* _The problem_:
Keep the images out while you retype all of the data exactly.

________________

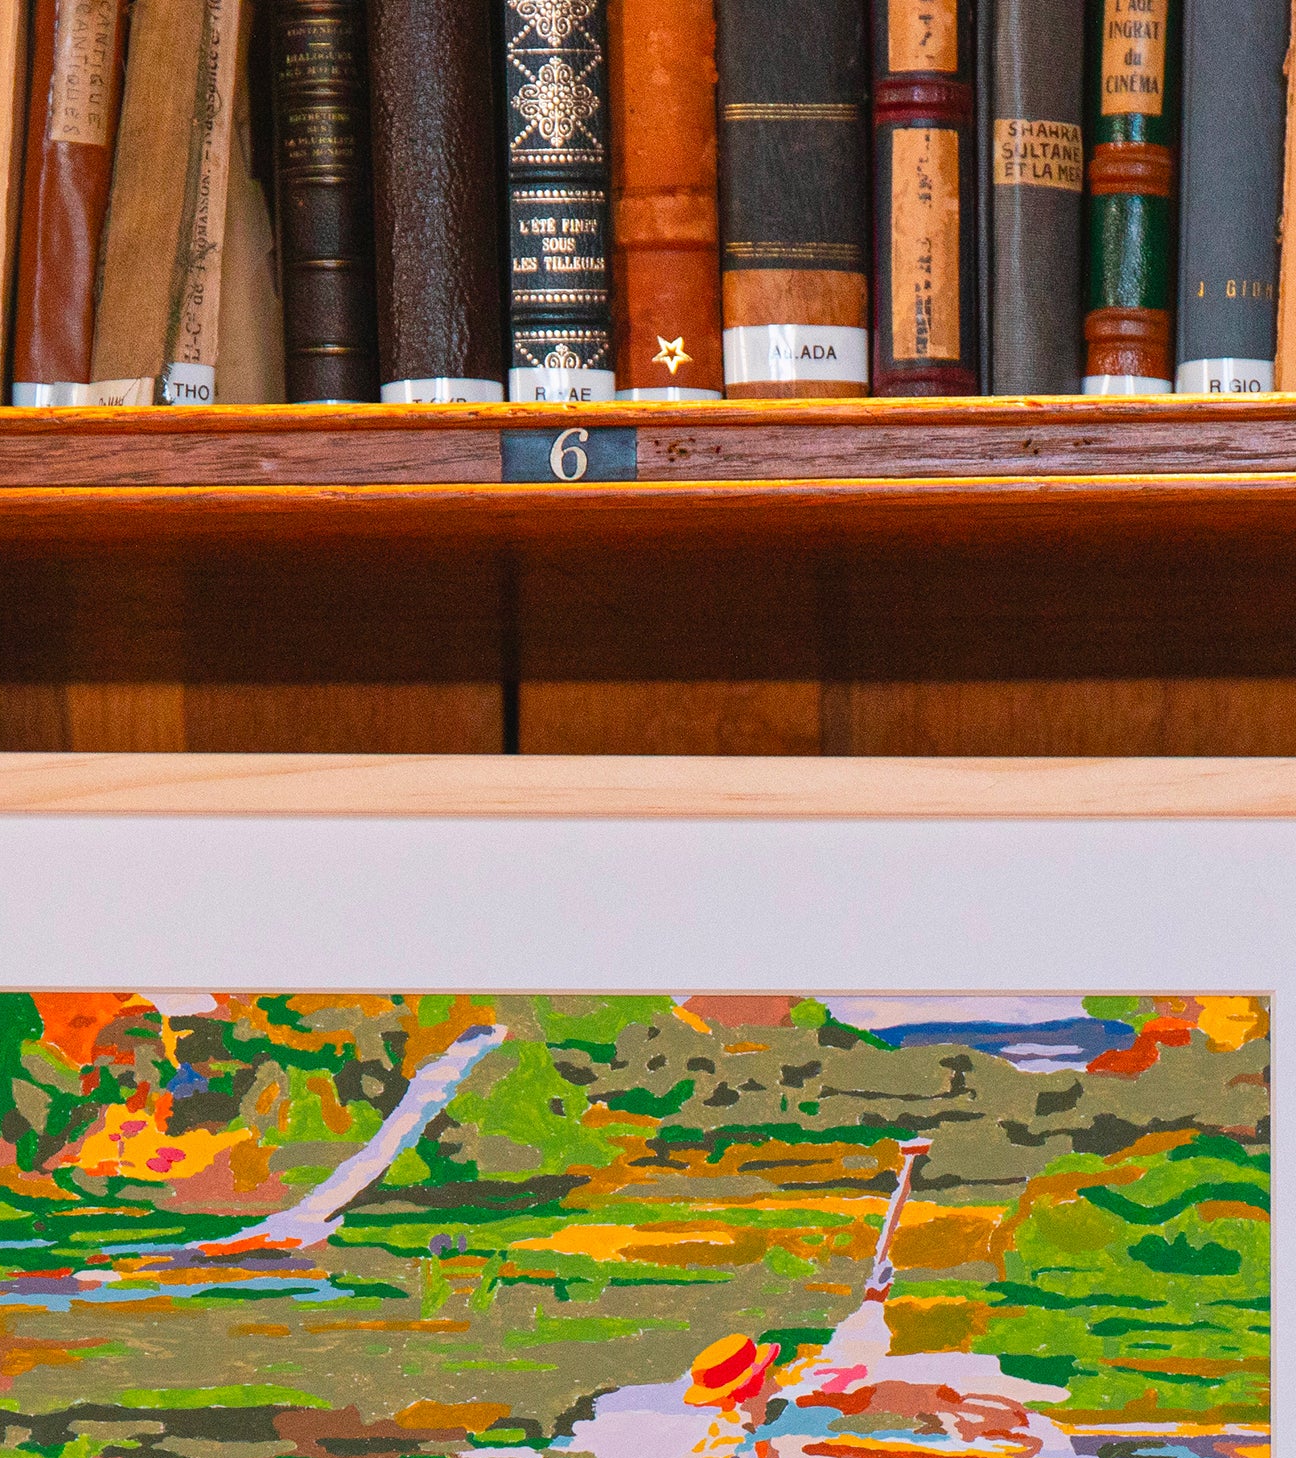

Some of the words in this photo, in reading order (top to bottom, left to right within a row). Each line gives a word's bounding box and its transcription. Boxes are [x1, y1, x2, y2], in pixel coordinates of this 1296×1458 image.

[1109, 21, 1160, 40] INGRAT
[1124, 48, 1142, 66] du
[1106, 71, 1159, 94] CINÉMA
[1001, 143, 1081, 161] SULTANE
[1005, 162, 1024, 177] ET
[1033, 163, 1053, 179] LA
[542, 238, 576, 251] SOUS
[513, 257, 538, 271] LES
[544, 256, 605, 272] TILLEULS
[173, 383, 210, 400] THO
[1210, 379, 1221, 393] R
[551, 427, 589, 481] 6
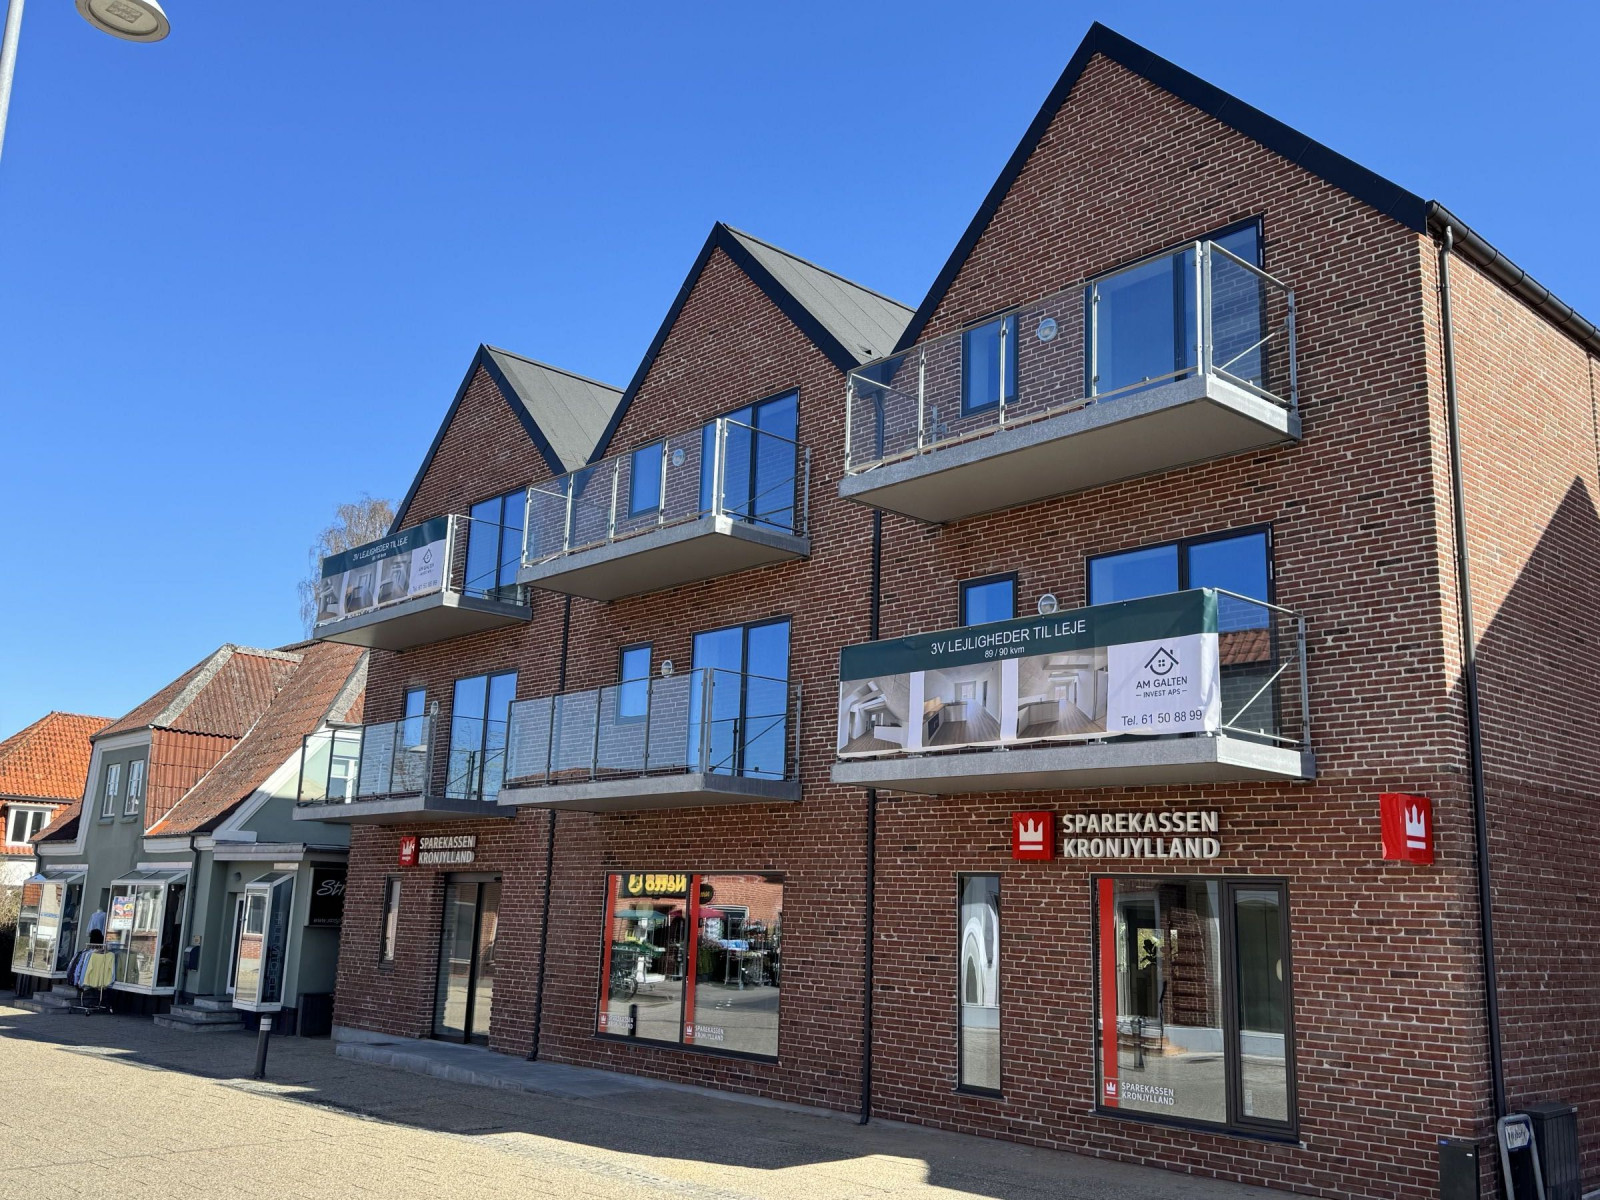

________________

* _Response to this task_:
Some of the words in this photo, in reading order (top to bottom, left to right within a row). Each line gives a word's bounding box and its transcription. Boxes are [x1, y1, x2, y2], in pixel coordinates of this 1296×1458 image.

[1109, 21, 1160, 40] INGRAT
[1124, 48, 1142, 66] du
[1106, 71, 1159, 94] CINÉMA
[1001, 143, 1081, 161] SULTANE
[1005, 162, 1024, 177] ET
[1033, 163, 1053, 179] LA
[542, 238, 576, 251] SOUS
[513, 257, 538, 271] LES
[544, 256, 605, 272] TILLEULS
[173, 383, 210, 400] THO
[1210, 379, 1221, 393] R
[551, 427, 589, 481] 6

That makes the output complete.